* _YOUR TASK_: Each record that comes next should be output exactly; pictures do not belong in the copy.

* _Records from a dataset_:
*** Block opens ***

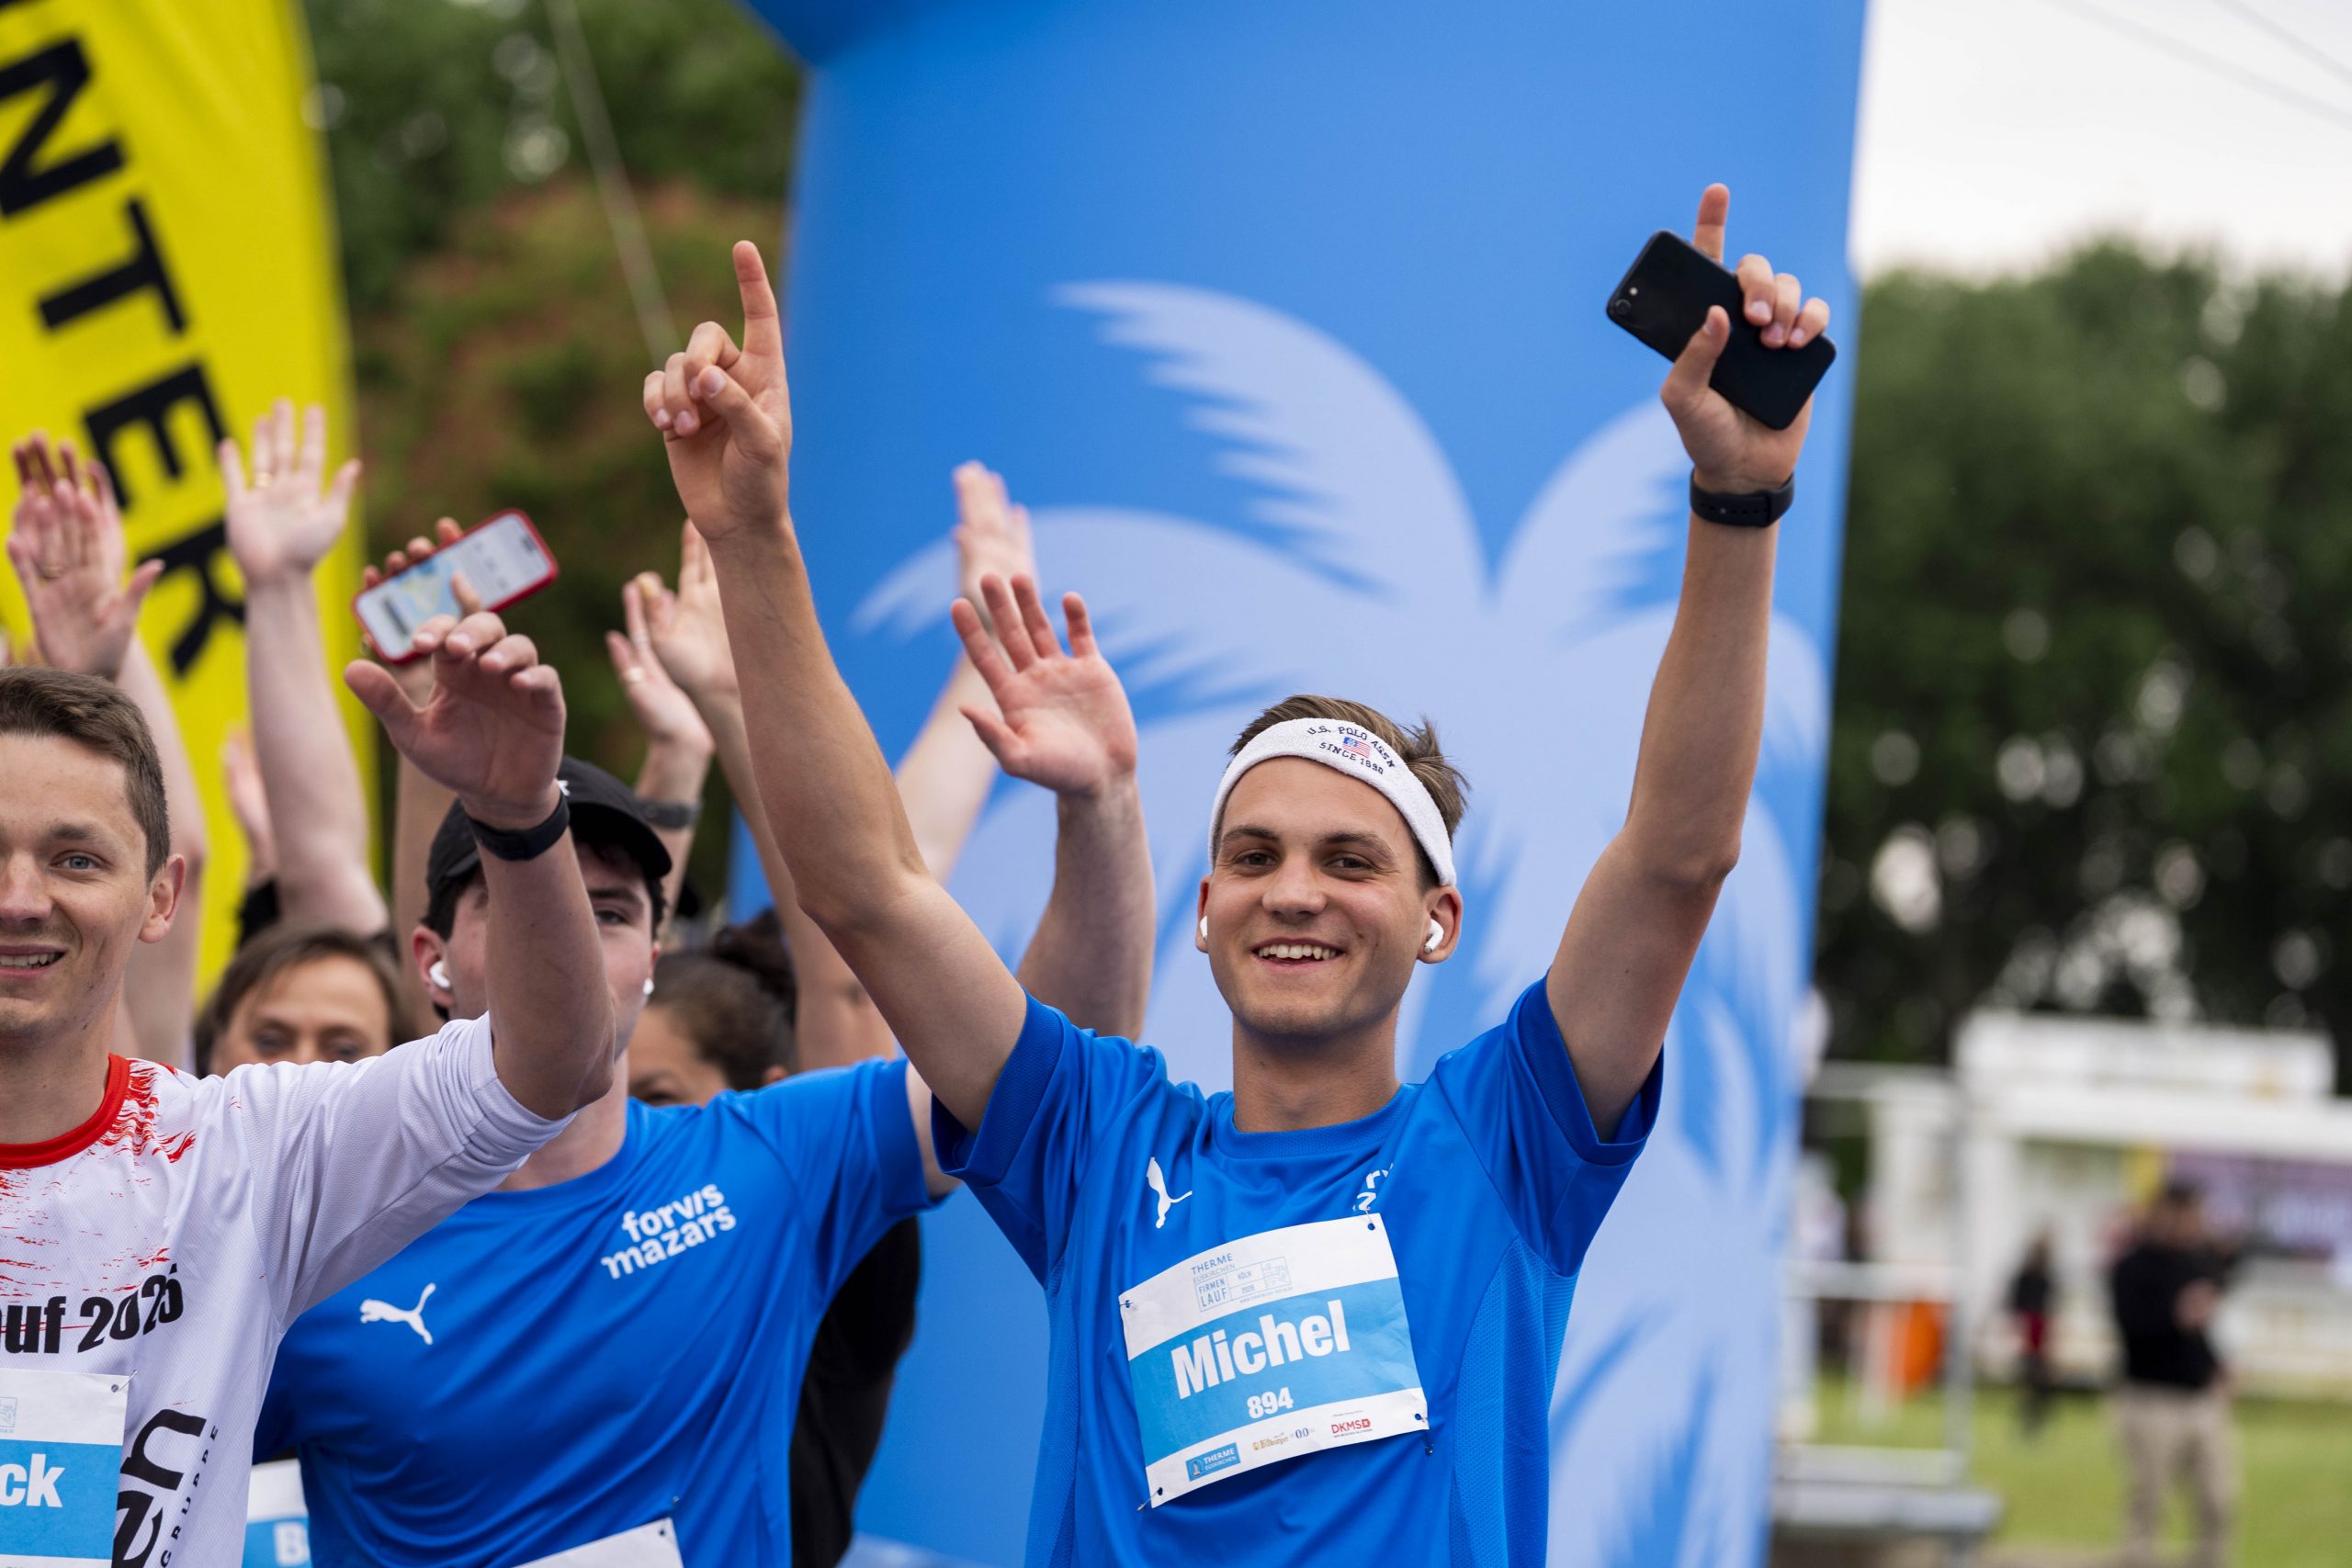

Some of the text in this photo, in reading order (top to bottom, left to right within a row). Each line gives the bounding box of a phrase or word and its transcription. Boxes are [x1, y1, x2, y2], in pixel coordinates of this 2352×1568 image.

[0, 0, 248, 678] NTER
[1338, 727, 1367, 740] POLO
[1319, 742, 1384, 774] SINCE 1890
[621, 1184, 725, 1243] forvis
[600, 1205, 737, 1280] mazars
[1191, 1253, 1233, 1274] THERME
[1199, 1278, 1225, 1294] FIRMEN
[1201, 1288, 1227, 1307] LAUF
[0, 1296, 66, 1354] uf
[1170, 1299, 1351, 1399] Michel
[1247, 1387, 1294, 1419] 894
[1331, 1420, 1361, 1434] DKMS
[1204, 1449, 1236, 1464] THERME
[160, 1426, 219, 1568] GRUPPE
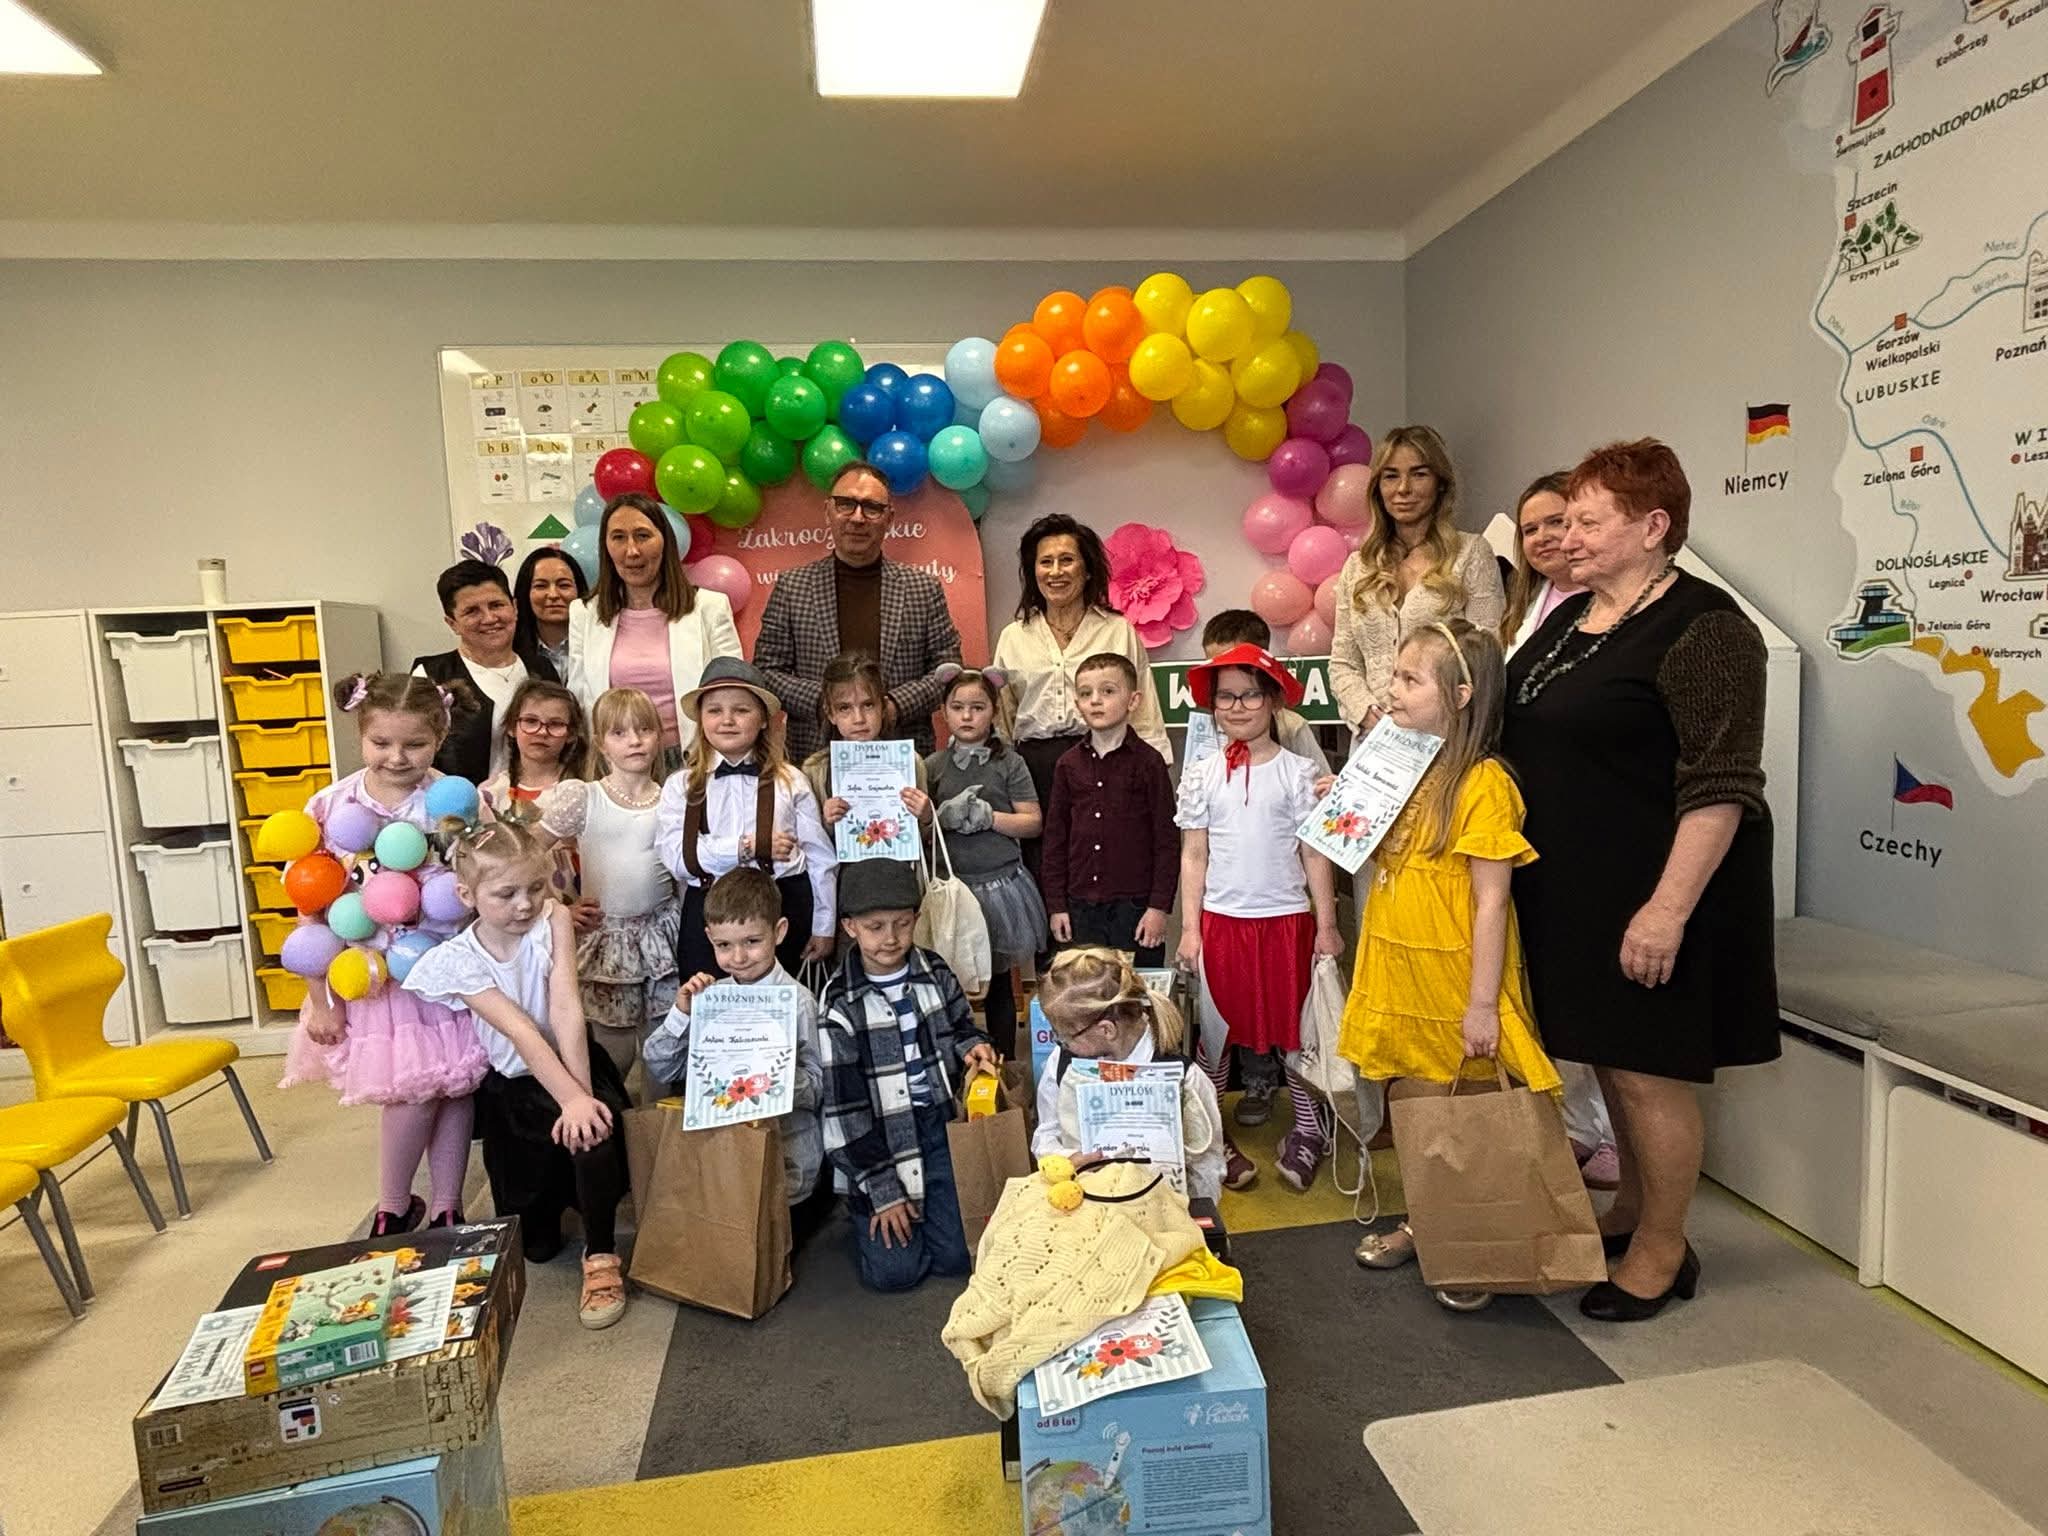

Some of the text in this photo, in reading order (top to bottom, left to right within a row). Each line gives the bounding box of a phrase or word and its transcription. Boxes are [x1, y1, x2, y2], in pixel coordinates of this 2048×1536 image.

*** Block closes ***

* _EXERCISE RESPONSE_:
Some of the text in this photo, in reading order (top to bottom, left to right within a row). Each line gives the bounding box of a phrase or word and its transcription. Boxes are [x1, y1, x2, y2], in pixel coordinates of this 2352×1568 image.

[0, 0, 248, 678] NTER
[1338, 727, 1367, 740] POLO
[1319, 742, 1384, 774] SINCE 1890
[621, 1184, 725, 1243] forvis
[600, 1205, 737, 1280] mazars
[1191, 1253, 1233, 1274] THERME
[1199, 1278, 1225, 1294] FIRMEN
[1201, 1288, 1227, 1307] LAUF
[0, 1296, 66, 1354] uf
[1170, 1299, 1351, 1399] Michel
[1247, 1387, 1294, 1419] 894
[1331, 1420, 1361, 1434] DKMS
[1204, 1449, 1236, 1464] THERME
[160, 1426, 219, 1568] GRUPPE

Some of the text in this photo, in reading order (top to bottom, left to right within a row). Each line gives the bounding box of a phrase or word and its transcription. Boxes are [x1, y1, x2, y2], in pixel coordinates of this 2048×1536 image.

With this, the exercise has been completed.